Everything was broken!

The electronics needed batteries. The video tapes were lost under the couch. GI Joes were wearing the wrong uniforms. The nerf guns had cracks in their oxygen tanks. The super soakers had cracks in their water tanks. Every lego set had critical blue pieces replaced with yellow ones. The baseball gear was one mitt short for our small team. The soccer ball was deflated. The gameboy had a dead screen.

I am not kidding. There was a purgatory-like aspect to hanging out with this kid. My wildest material dreams were at my disposal. Despite my dreams, each item was one critical flaw short of usability.

Contributor Readiness

Over the next few months I would like to discuss my observations and lay out a framework for project contributor readiness. I propose that your project has no chance of growth. It has no chance of going anywhere. It has no chance, if you can’t make it easy for contributors to onboard, to stay, and to grow.

But wait? My project has X brilliant teammates. They work hard. That counts, right?

Not so fast!

  • Did you ever ask them how bad their on-boarding experience was?
  • What would happen if you had to work with less-experienced help?
  • Have they contributed in any way to improving the on-boarding experience?
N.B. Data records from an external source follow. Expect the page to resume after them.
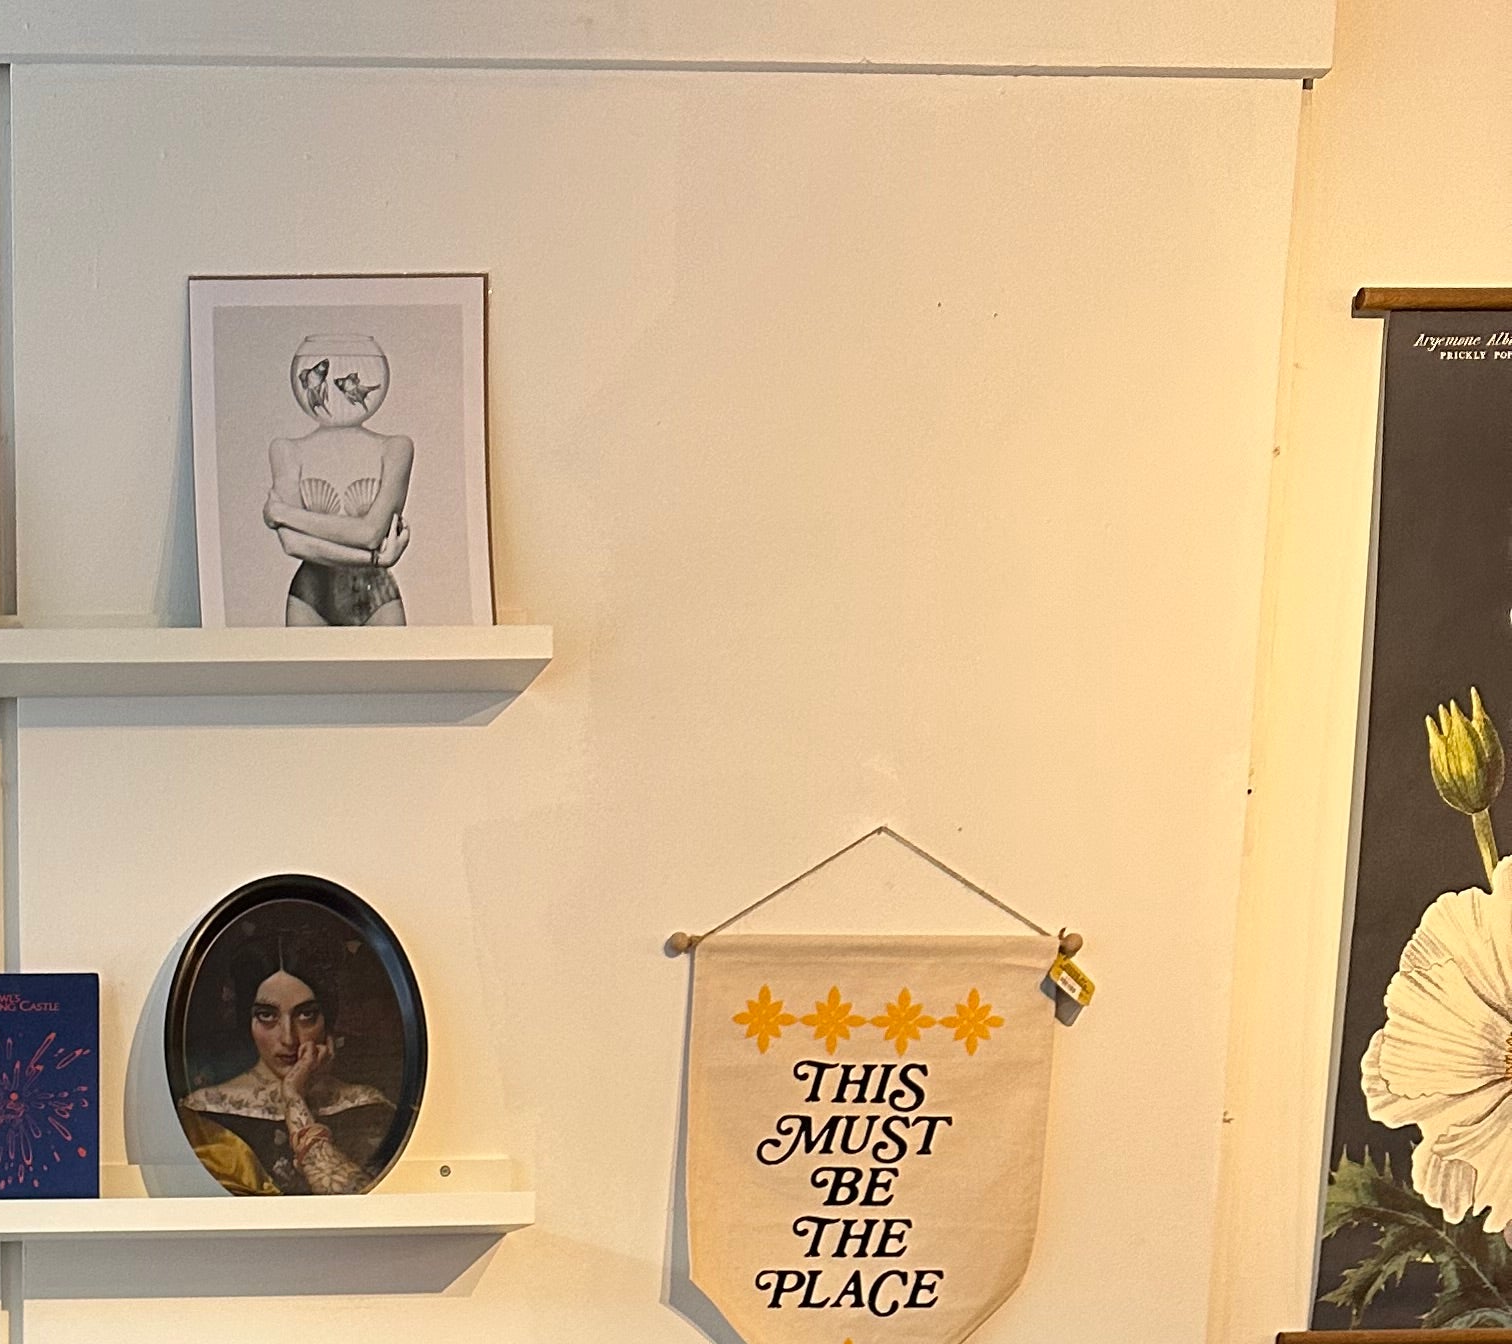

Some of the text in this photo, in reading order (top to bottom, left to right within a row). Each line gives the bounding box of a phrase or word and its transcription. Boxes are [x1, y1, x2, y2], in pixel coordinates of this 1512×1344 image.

[1413, 333, 1482, 352] Argemone
[1439, 351, 1487, 360] PRICKLY
[19, 1000, 61, 1013] CASTLE
[793, 1060, 929, 1112] THIS
[756, 1114, 953, 1166] MUST
[810, 1166, 900, 1206] BE
[792, 1215, 913, 1258] THE
[754, 1269, 945, 1318] PLACE
These questions are likely to bring you to the sad realization that:

  • “It was not great, the person next to me got a lot of questions”: “Where is the database credentials file?” || “What version of node do I need?” || “Can I use a reliable debugger in this environment?”
  • Smart, motivated, experienced people do just fine because it’s always like this. Junior developers may get bewildered and second-guess themselves.
  • “No, too busy writing super important feature Y.”

My Proposal

Your project is not ready for contributors. You need a checklist. You need guidelines to make sure you’ve covered your bases. The contributors you have are talented, bright people from within your network. There is a very limited supply of these patient humans. You have probably already exhausted it.

There are five areas you need to refine. And you should have a standardized system in place so you can implement this more effectively every time you go through this process. Here are your five areas of focus:

  1. Access
  2. Environment
  3. Data
  4. Tools
  5. Testing

Today’s topic is access. Access comprises the basic permissions that ensure your developers can actually do the things they are paid to do. The sensitivity and complexity of this process varies depending on the kind of business. It ranges from low-key startup security practices to government-level security.
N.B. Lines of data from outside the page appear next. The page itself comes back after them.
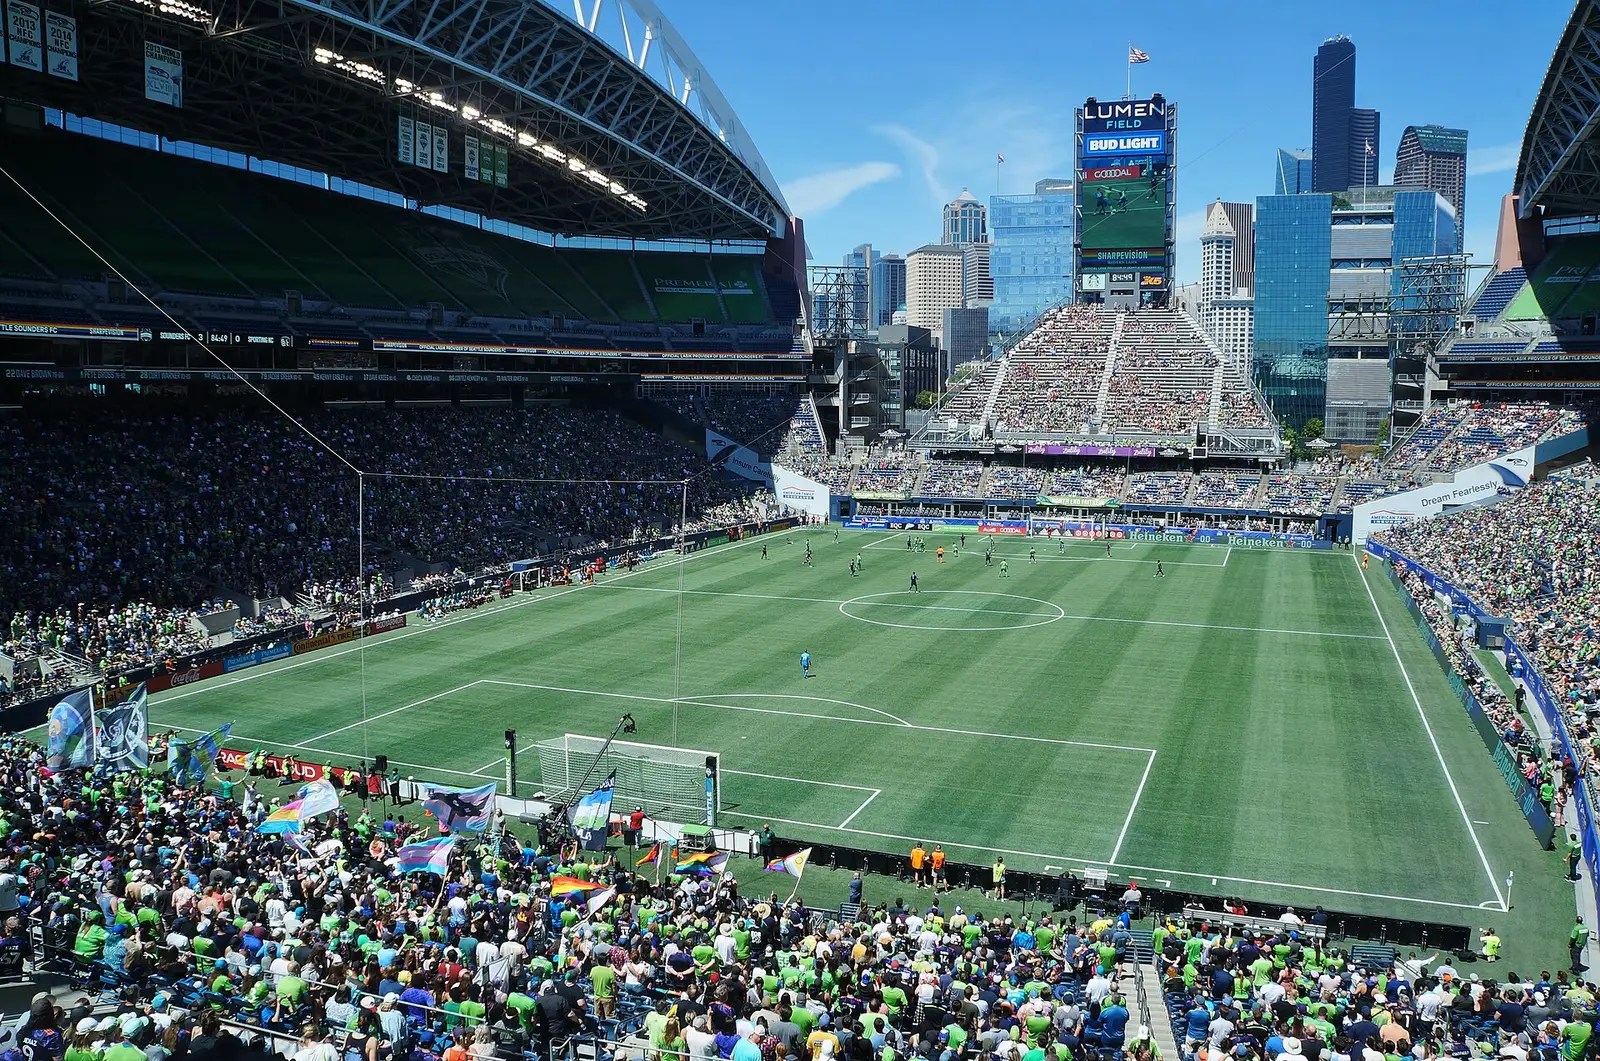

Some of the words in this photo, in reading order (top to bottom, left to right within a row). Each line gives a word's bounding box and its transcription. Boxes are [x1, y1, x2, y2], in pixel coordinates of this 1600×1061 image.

[13, 16, 35, 31] 2013
[17, 27, 33, 39] NFC
[51, 27, 72, 41] 2014
[9, 34, 41, 48] CHAMPIONS
[55, 39, 69, 49] NFC
[47, 45, 76, 58] CHAMPIONS
[146, 43, 160, 53] 2013
[161, 47, 180, 59] WORLD
[146, 51, 180, 66] CHAMPIONS
[1085, 103, 1164, 119] LUMEN
[1106, 119, 1142, 129] FIELD
[1089, 139, 1118, 151] BUD
[1097, 250, 1148, 260] SHARPEVISION
[655, 278, 727, 288] PREMERA
[1112, 273, 1133, 282] 84:49
[14, 325, 49, 334] SOUNDERS
[89, 327, 124, 336] SHARPEVISION
[160, 332, 185, 340] SOUNDERS
[198, 333, 204, 341] 3
[211, 334, 228, 342] 84:49
[235, 335, 240, 343] 0
[5, 369, 16, 378] 22
[16, 369, 31, 378] DAVE
[32, 370, 52, 378] BROWN
[732, 457, 752, 470] Insure
[752, 465, 780, 484] Carefully
[1421, 493, 1451, 508] Dream
[1452, 479, 1498, 499] Fearlessly
[1130, 531, 1183, 542] Heineken
[1228, 536, 1284, 548] Heineken
[294, 636, 332, 653] Continental
[337, 632, 351, 640] TIRE
[1493, 740, 1520, 795] Heineken
[22, 1044, 34, 1061] 9
Whatever your policy limitations, there is absolutely NO excuse for making your service access unclear, inconsistent, or complex for those getting started. Allow me to repeat, NO excuse for needless barriers to entry for the incredibly well-paid professionals on your project.

Redundancy in environment management is a big part of the equation for more sensitive security situations. Let’s say there is a project that has three stages of databases inaccessible to developers. How many databases do you need to provide, minimum? The answer is four. NO excuse for the complexity of developers working in the dark.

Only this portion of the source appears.